- Theatrical release poster
- Spanish: La pasajera
- Directed by: Raúl Cerezo; Fernando González Gómez;
- Written by: Luis Sánchez-Polack
- Based on: a previous script by Javier Echániz and Asier Guerricaechebarría
- Starring: Ramiro Blas; Cecilia Suárez; Paula Gallego; Cristina Alcázar;
- Cinematography: Ignacio Aguilar
- Production companies: Persons Films; La Dalia Films; SG Producciones; Eye Slice Pictures;
- Distributed by: Karma Films
- Release dates: 9 October 2021 (Sitges); 18 February 2022 (Spain);
- Country: Spain
- Language: Spanish

= The Passenger (2021 film) =

The Passenger (La pasajera) is a 2021 Spanish science-fiction comedy horror road movie directed by Raúl Cerezo and Fernando González Gómez which stars Ramiro Blas, Cecilia Suárez, Paula Gallego, and Cristina Alcázar.

== Plot ==
Four people with different backgrounds (a skeevy driver, a religious Mexican, and a posh woman with her wayward teen daughter) coincide on a van trip across empty Spain. They come into contact with an extraterrestrial entity, which possesses women and chops off the head of men.

== Production ==
The screenplay was penned by Luis Sánchez-Polack based on a previous screenplay by Javier Echániz and Asier Guerricaechebarría. The Passenger is a Persons Films, La Dalia Films, SG Producciones and Eye Slice Pictures production, and it had support from Gobierno de Navarra and Navarra Film Office. It was fully shot in Navarre.

== Release ==
The film screened at the Sitges Film Festival on 9 October 2021. Distributed by Karma Films, it was theatrically released in Spain on 18 February 2022. Distributed by Dark Star Pictures, the film is set for a 3 June 2022 limited theatrical release in the United States, followed by a streaming and DVD release after 28 June.

== Reception ==
According to the American review aggregation website Rotten Tomatoes, The Passenger has a 73% approval rating based on 15 reviews from critics, with an average rating of 6.5/10.

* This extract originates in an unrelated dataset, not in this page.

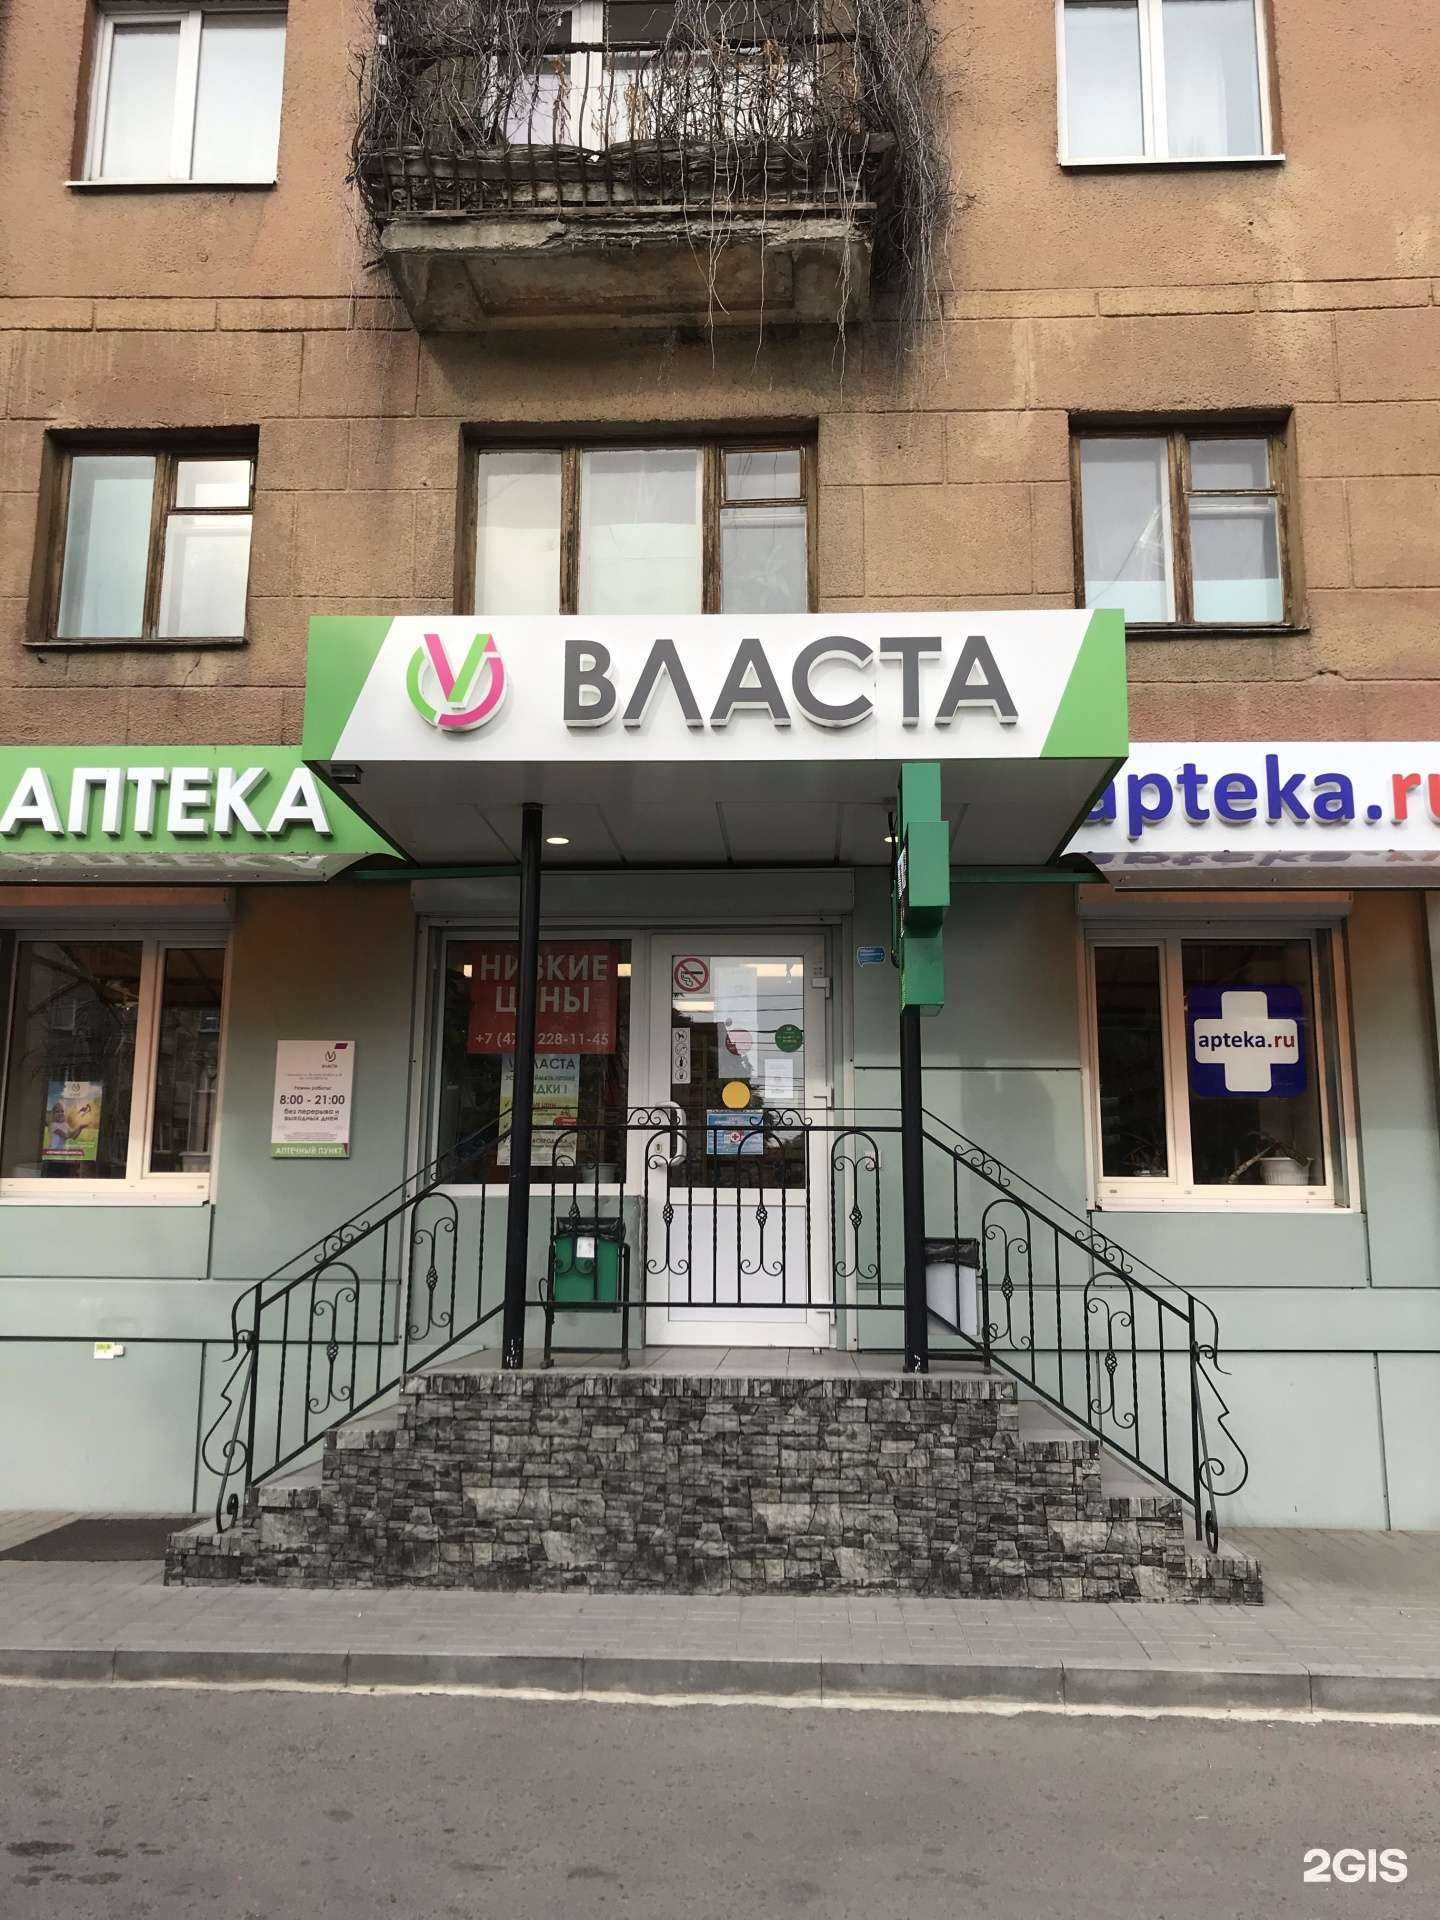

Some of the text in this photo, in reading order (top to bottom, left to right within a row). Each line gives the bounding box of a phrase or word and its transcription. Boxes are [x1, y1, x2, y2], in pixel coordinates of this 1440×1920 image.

Pablo Tocino of Mondosonoro scored 7 out of 10 points, considering that while Cristina Alcázar and Cecilia Suárez' performances are more than adequate, those of Ramiro Blas and Paula Gallego stand out in particular. Dennis Harvey of Variety assessed that even if fails at transcending "its basic creature-feature premise", the "stylish and humorous" film "does make getting to a familiar destination more fun than many a similar enterprise has managed". Miguel Ángel Romero of Cinemanía gave the film 2 out of 5 stars considering that the film, blending B movie exploitation and Spanish costumbrismo, features comedy moments alongside a great deal of cringe. Beatriz Martínez of El Periódico de Catalunya also rated it with 2 out of 5 stars, considering that even though the film achieves a personality of its own, the special effects do their job, and the film displays a "non-negligible" degree of visual imagination, there is something unsettling lurking throughout the film, namely the ambiguity towards machismo. Andrew Mack of ScreenAnarchy considered that the "little indie horror flick" stands out at "sprinkling all the action with dark humor", also praising Cerezo and Gómez for "doing as much in camera effects as possible" and the "terrific makeup effects".